En la recién nombrada Plaza de la Revolución de Managua, el comandante sandinista y ministro del Interior, Tomás Borge, pronunció un discurso en el que advirtió a los nicaragüenses qué esperar tras la derrota sandinista de la dictadura de Somoza. Orador ardiente, Borge sabía que Washington no aceptaría por mucho tiempo la muerte de un viejo socio que representó un baluarte contra el avance del comunismo, apoyado por Cuba en su propio "patio trasero".
Era el año 1979 y la Guerra Fría aún estaba en pleno apogeo. Y para desgracia de los pueblos de Centroamérica, en particular de Nicaragua y El Salvador se convertirían pronto en el último campo de batalla de ese conflicto.
"Nos esperan días terribles y gloriosos", advirtió Borge, pero quizás ni él mismo se imaginó cuán terribles serían. Por supuesto que no.
Los contras
Algunos de esos mismos hombres de la Guardia Nacional de la dinastía de Somoza que vi huyendo de los combatientes sandinistas en julio de 1979 llegaron a Honduras y fueron bienvenidos por los partidarios de Estados Unidos. Cuando Ronald Reagan asumió el gobierno en 1981 y William Casey se hizo cargo de la Agencia Central de Inteligencia, comenzaron a buscar formas de ayudar a los miembros derrotados de la Guardia Nacional de Somoza y a cualquier otra persona que luchara para derrocar a los sandinistas.
Usando fondos secretos (e ilegales) para apoyar el esfuerzo, el gobierno de Estados Unidos financió y dirigió la guerra contra el gobierno sandinista, incluso cuando el Congreso trató de detenerlo. A sus fuerzas se les conocería como contras, como en el caso de los "contrarrevolucionarios", declarando la posición de la nueva organización en contra del dominio sandinista y esbozando el alcance de su propósito y su singular razón de ser.
La guerra de la contra se parecía poco a la revolución de 1979. A diferencia del levantamiento que arrasó con pequeños pueblos y grandes ciudades de Nicaragua, la Guerra de la contra se desarrolló casi exclusivamente en las montañas del norte.
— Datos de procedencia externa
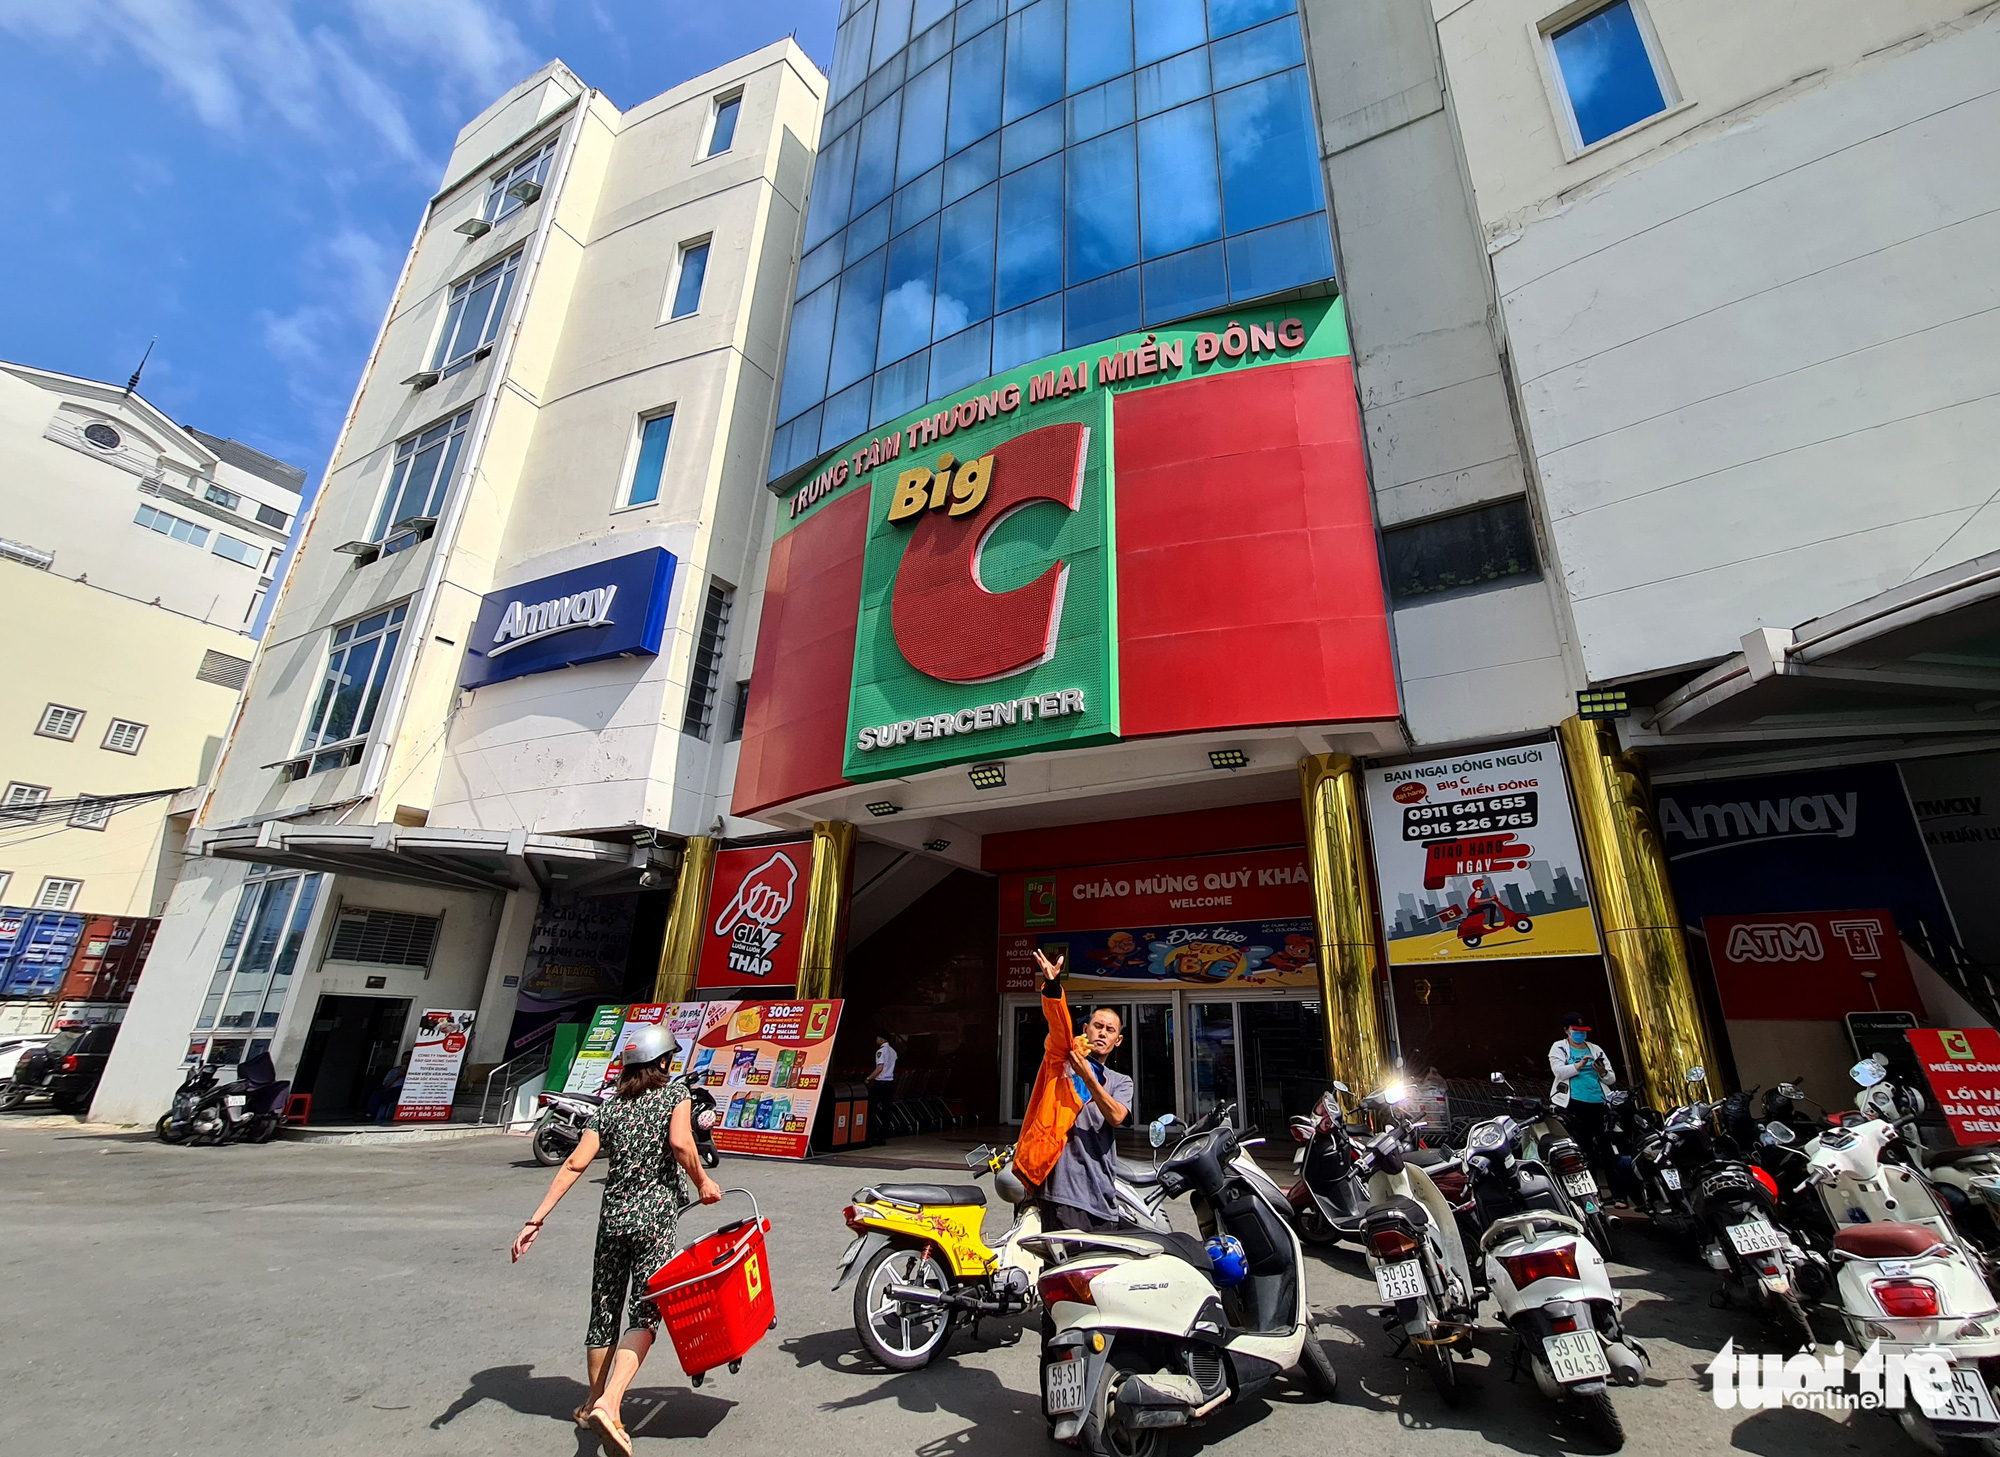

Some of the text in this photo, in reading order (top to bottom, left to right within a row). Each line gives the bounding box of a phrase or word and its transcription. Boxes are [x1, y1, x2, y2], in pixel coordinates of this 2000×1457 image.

[789, 317, 1305, 519] TRUNG TÂM THƯƠNG MẠI MIỀN ĐÔNG
[888, 452, 996, 527] Big
[493, 585, 618, 644] Amway
[857, 687, 1086, 753] SUPERCENTER
[1384, 750, 1543, 783] BẠN NGẠI ĐÔNG NGƯỜI
[1460, 776, 1470, 785] C
[1498, 778, 1539, 791] ĐÔNG
[1408, 796, 1527, 820] 0911 641 655
[1658, 791, 1858, 840] Amway
[1407, 812, 1533, 837] 0916 226 765
[1457, 858, 1492, 874] NGAY
[1072, 862, 1310, 900] CHÀO MỪNG QUÝ KHÁ
[1169, 895, 1233, 909] WELCOME
[735, 921, 766, 945] GIÁ
[1166, 927, 1249, 945] Đại tiệc
[1728, 925, 1821, 960] ATM
[1009, 966, 1031, 975] 7H30
[1006, 980, 1034, 988] 22H00
[763, 1023, 777, 1034] 05
[1946, 1086, 1978, 1100] LỐI
[1736, 1235, 1777, 1252] 236.96
[1382, 1263, 1415, 1282] 50-03
[1386, 1279, 1419, 1298] 2536
[1551, 1334, 1591, 1357] 59-U1
[1052, 1362, 1077, 1387] 59-S1
[1555, 1353, 1605, 1379] 194.53
[1050, 1385, 1082, 1410] 888.37
Los combates nunca llegaron a la capital, lo que planteó desafíos especiales para los que queríamos cubrir el conflicto. Para ello, teníamos tres opciones: 1. Inscribirnos en unidades del Ejército Popular Sandinista que luchaban en las montañas del norte. 2. Unirnos a los combatientes de la contra que se infiltraban en Nicaragua desde bases en la vecina Honduras. 3. Obtener los reportes de combates u otras actividades relacionadas con el conflicto, que generalmente se hacían públicos días después de que la actividad hubiera ocurrido.
Para cubrir realmente la guerra, los periodistas tuvimos que pasar mucho tiempo deambulando por las montañas con uno u otro de los grupos armados, a veces durante semanas, antes de ver una acción real. Y "acción real" significa la fea realidad de los hombres que matan y son asesinados con armas de alta potencia capaces de atravesar la carne y los huesos humanos con una eficiencia asombrosa, horripilante y feroz.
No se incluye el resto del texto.